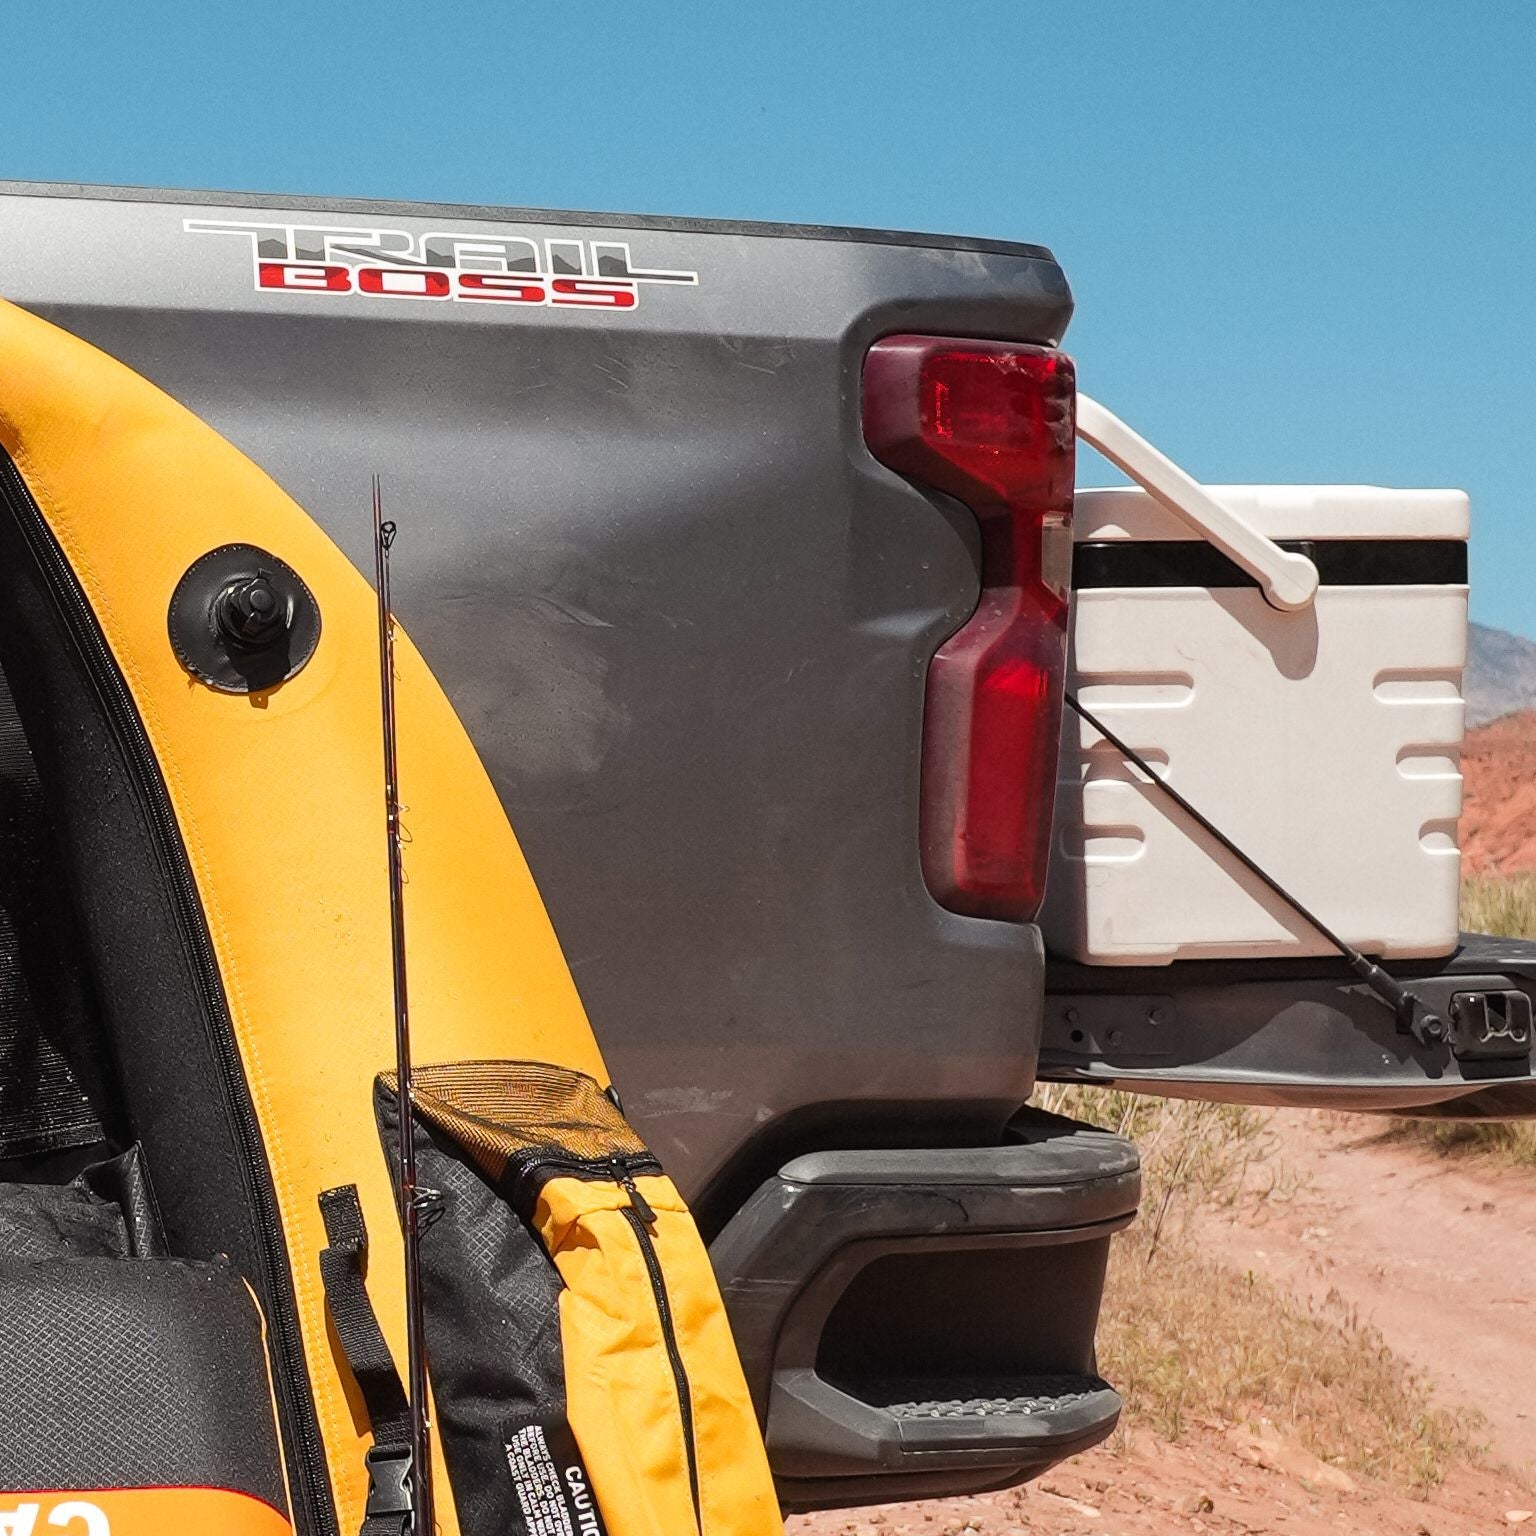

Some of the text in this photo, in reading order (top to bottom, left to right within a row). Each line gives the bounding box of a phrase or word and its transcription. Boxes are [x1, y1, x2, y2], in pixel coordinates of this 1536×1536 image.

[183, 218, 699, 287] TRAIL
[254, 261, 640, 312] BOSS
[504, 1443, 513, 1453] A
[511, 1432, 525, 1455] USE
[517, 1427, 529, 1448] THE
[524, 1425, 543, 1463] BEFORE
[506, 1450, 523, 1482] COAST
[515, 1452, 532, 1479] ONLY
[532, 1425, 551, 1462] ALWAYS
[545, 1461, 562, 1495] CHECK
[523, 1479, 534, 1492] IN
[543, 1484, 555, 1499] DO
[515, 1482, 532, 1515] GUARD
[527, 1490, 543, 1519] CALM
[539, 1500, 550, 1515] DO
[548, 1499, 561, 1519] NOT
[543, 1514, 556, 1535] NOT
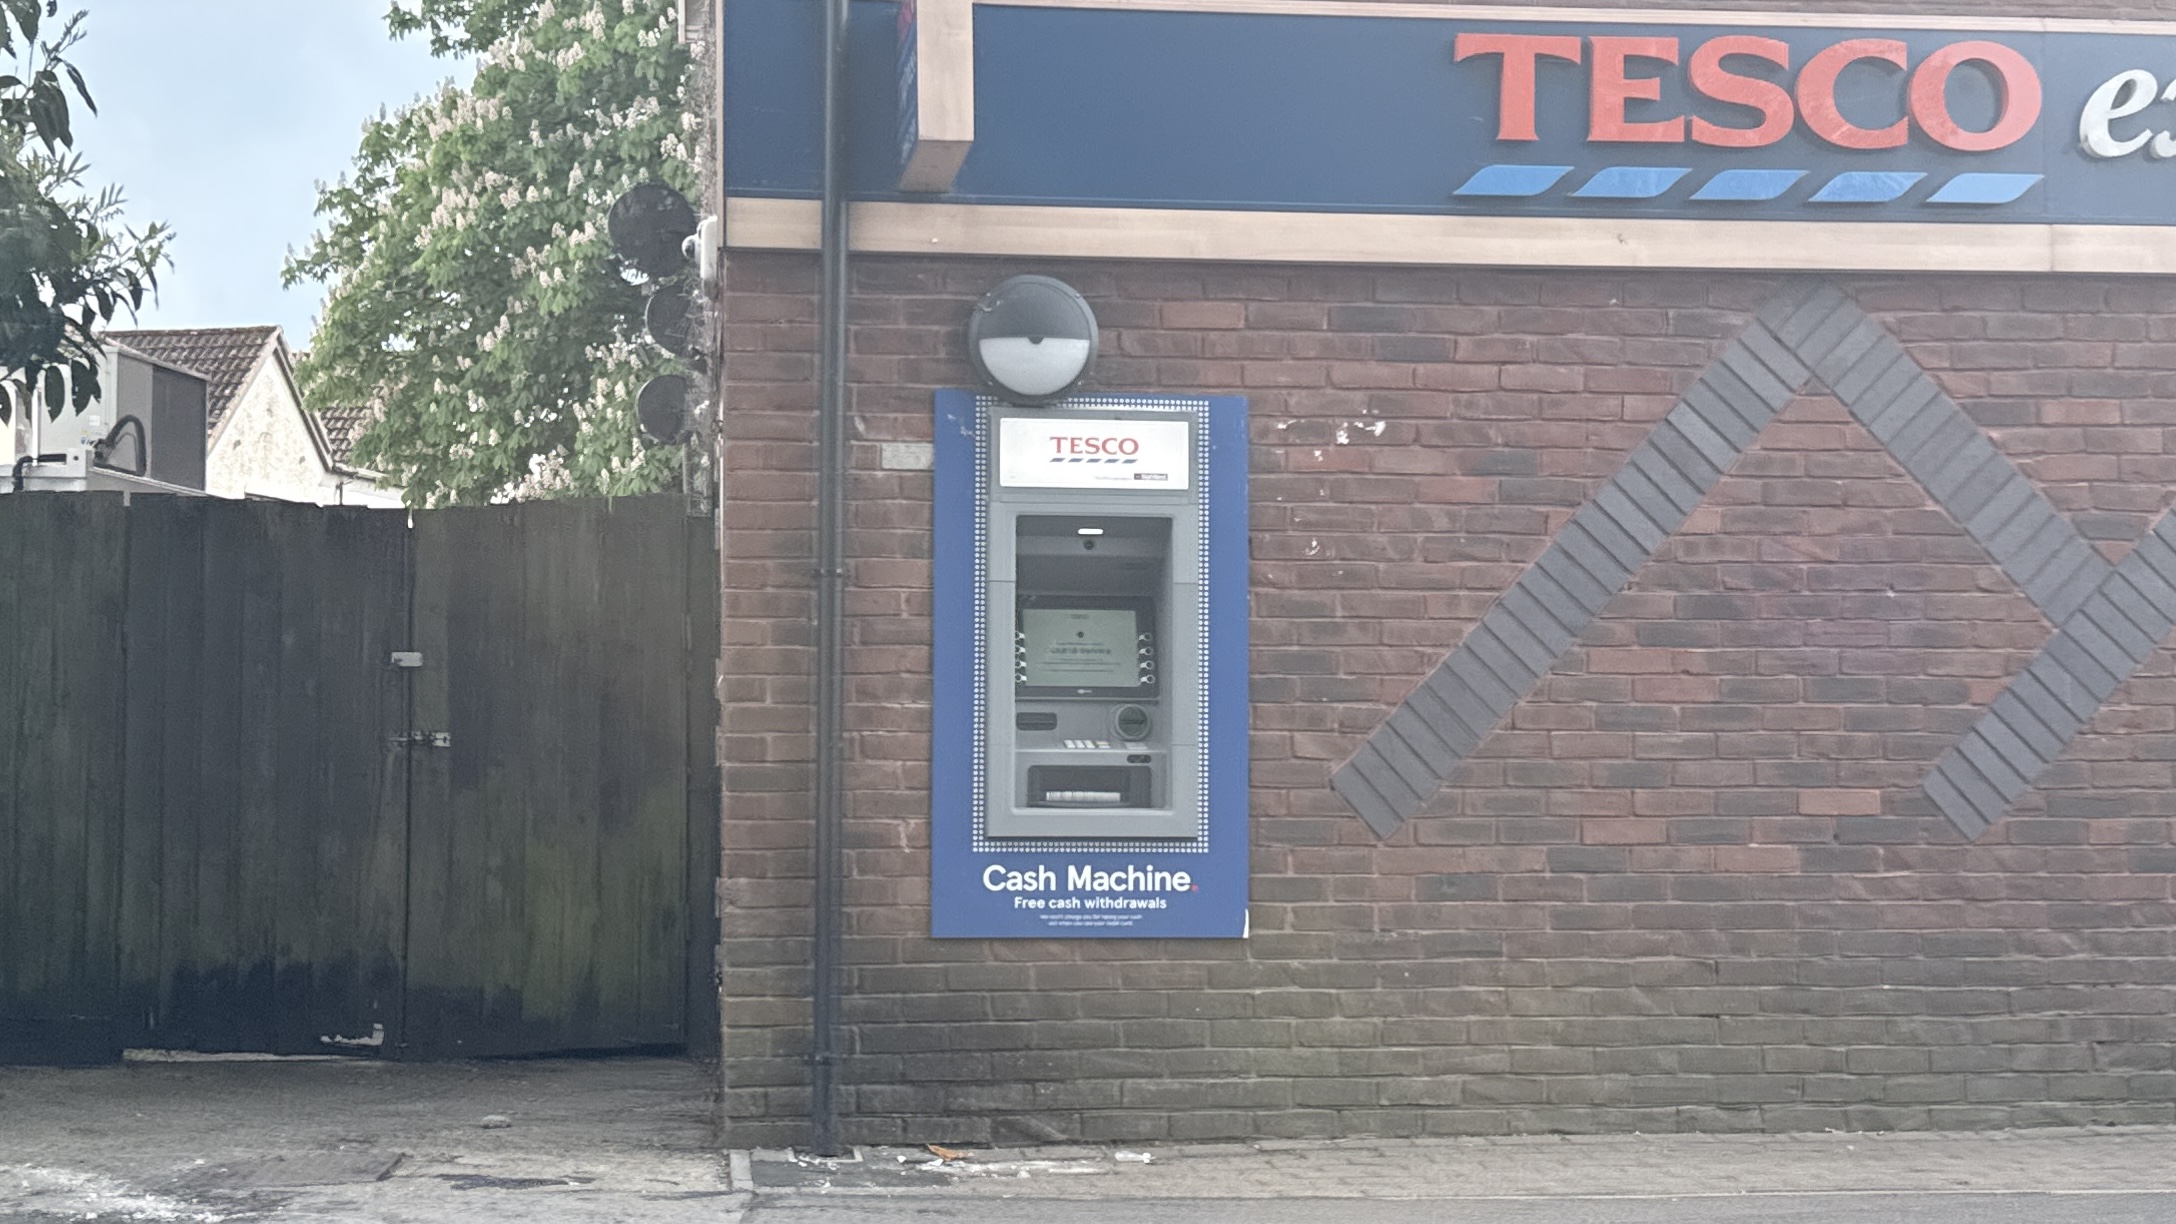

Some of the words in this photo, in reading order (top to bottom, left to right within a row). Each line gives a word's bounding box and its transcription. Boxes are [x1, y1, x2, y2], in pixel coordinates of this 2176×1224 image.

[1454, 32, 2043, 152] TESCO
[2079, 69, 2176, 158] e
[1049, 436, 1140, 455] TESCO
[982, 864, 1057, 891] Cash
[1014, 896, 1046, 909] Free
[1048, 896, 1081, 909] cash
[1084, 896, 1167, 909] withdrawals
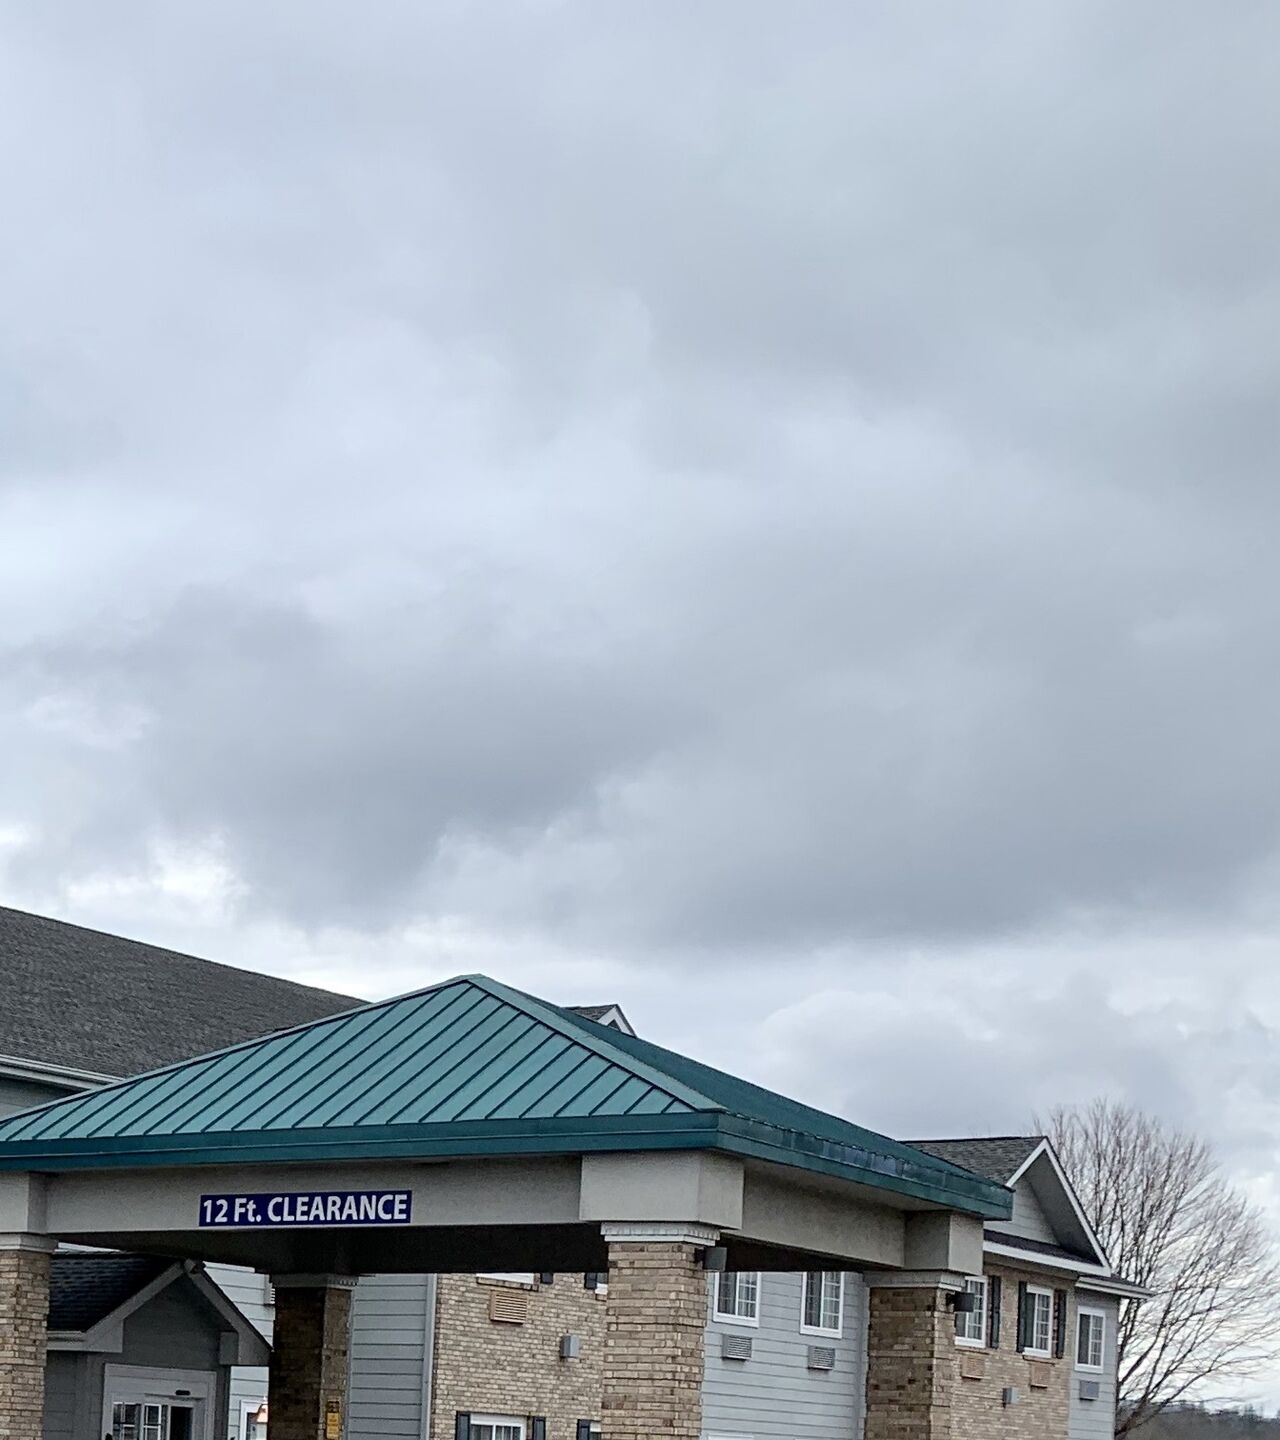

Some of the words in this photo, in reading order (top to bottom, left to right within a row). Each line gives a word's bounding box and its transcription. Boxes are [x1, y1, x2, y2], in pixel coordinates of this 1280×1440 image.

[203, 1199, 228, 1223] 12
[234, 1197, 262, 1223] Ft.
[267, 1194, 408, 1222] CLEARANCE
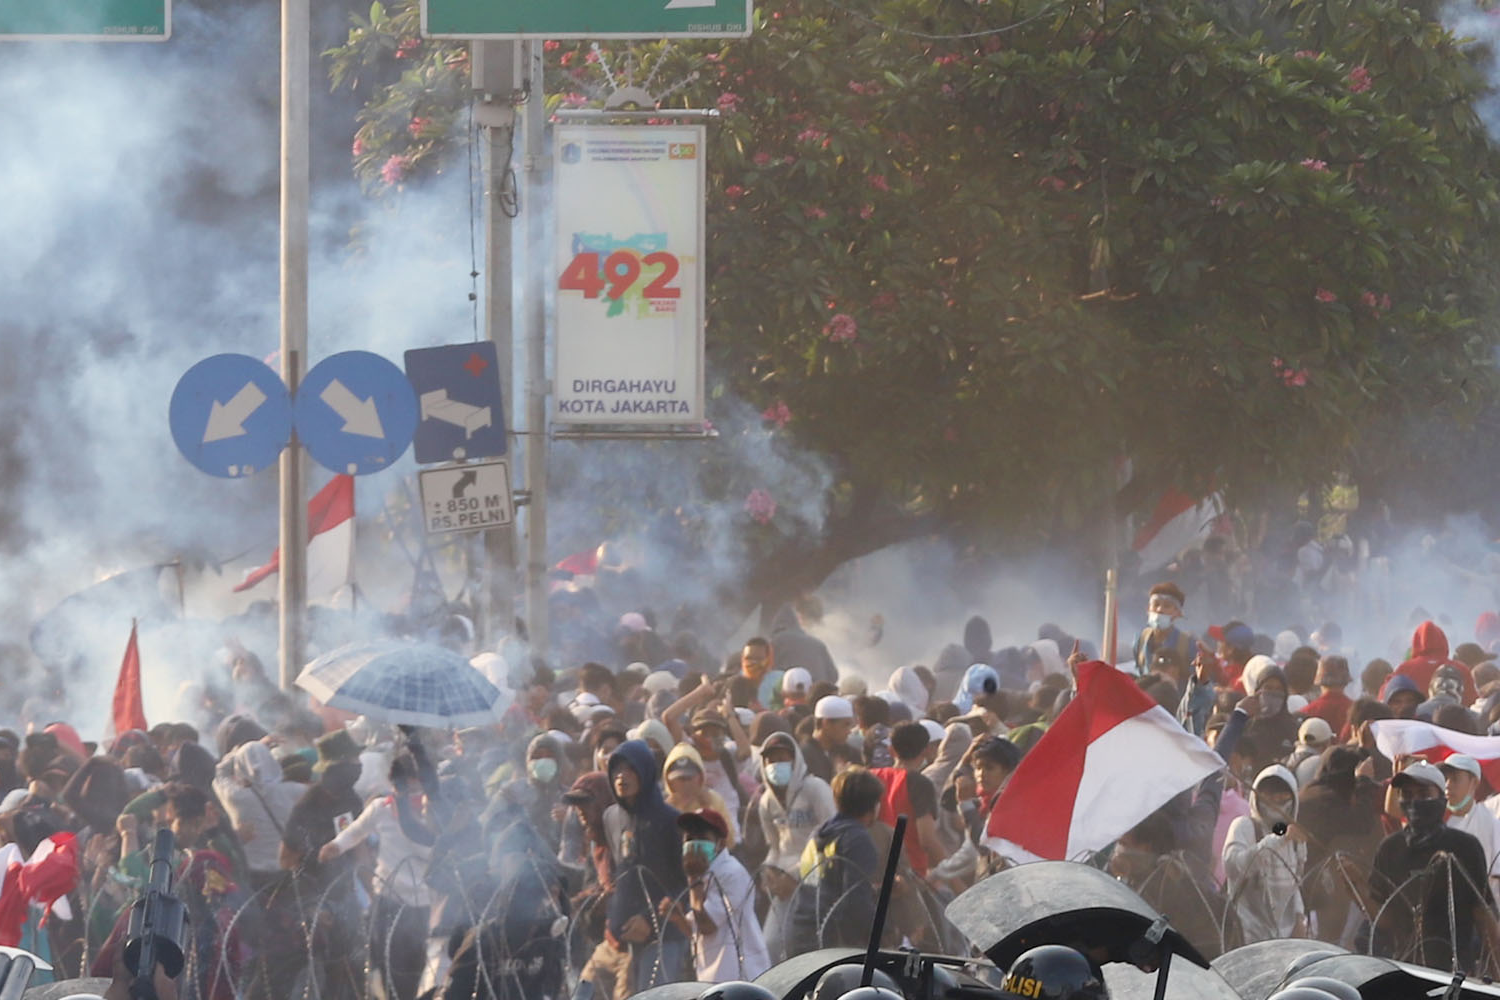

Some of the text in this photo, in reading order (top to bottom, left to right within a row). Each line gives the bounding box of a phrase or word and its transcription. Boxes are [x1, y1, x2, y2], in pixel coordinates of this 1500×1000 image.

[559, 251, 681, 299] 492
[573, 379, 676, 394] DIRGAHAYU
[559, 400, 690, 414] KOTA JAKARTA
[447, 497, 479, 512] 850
- - - - - - -
### [YOUR OBJECTIVE]
Would you copy the lines from the one holding "this 2176×1224 image." down to the last line of the material, both included, exactly and with nothing added, skipping the pictures?

### [WRITTEN RESPONSE]
Some of the words in this photo, in reading order (top to bottom, left to right within a row). Each line gives a word's bounding box and its transcription. Boxes are [x1, y1, x2, y2], in pixel coordinates of this 2176×1224 image.

[1454, 32, 2043, 152] TESCO
[2079, 69, 2176, 158] e
[1049, 436, 1140, 455] TESCO
[982, 864, 1057, 891] Cash
[1014, 896, 1046, 909] Free
[1048, 896, 1081, 909] cash
[1084, 896, 1167, 909] withdrawals

Some of the words in this photo, in reading order (top to bottom, left to right within a row). Each line gives a word's bounding box and its transcription. Boxes are [x1, y1, x2, y2], in pixel coordinates of this 1280×1440 image.

[203, 1199, 228, 1223] 12
[234, 1197, 262, 1223] Ft.
[267, 1194, 408, 1222] CLEARANCE

Some of the text in this photo, in reading order (top to bottom, left to right within a row). Each line gives the bounding box of a phrase or word and its transcription. Boxes are [x1, y1, x2, y2], in pixel coordinates of this 1500×1000 image.

[559, 251, 681, 299] 492
[573, 379, 676, 394] DIRGAHAYU
[559, 400, 690, 414] KOTA JAKARTA
[447, 497, 479, 512] 850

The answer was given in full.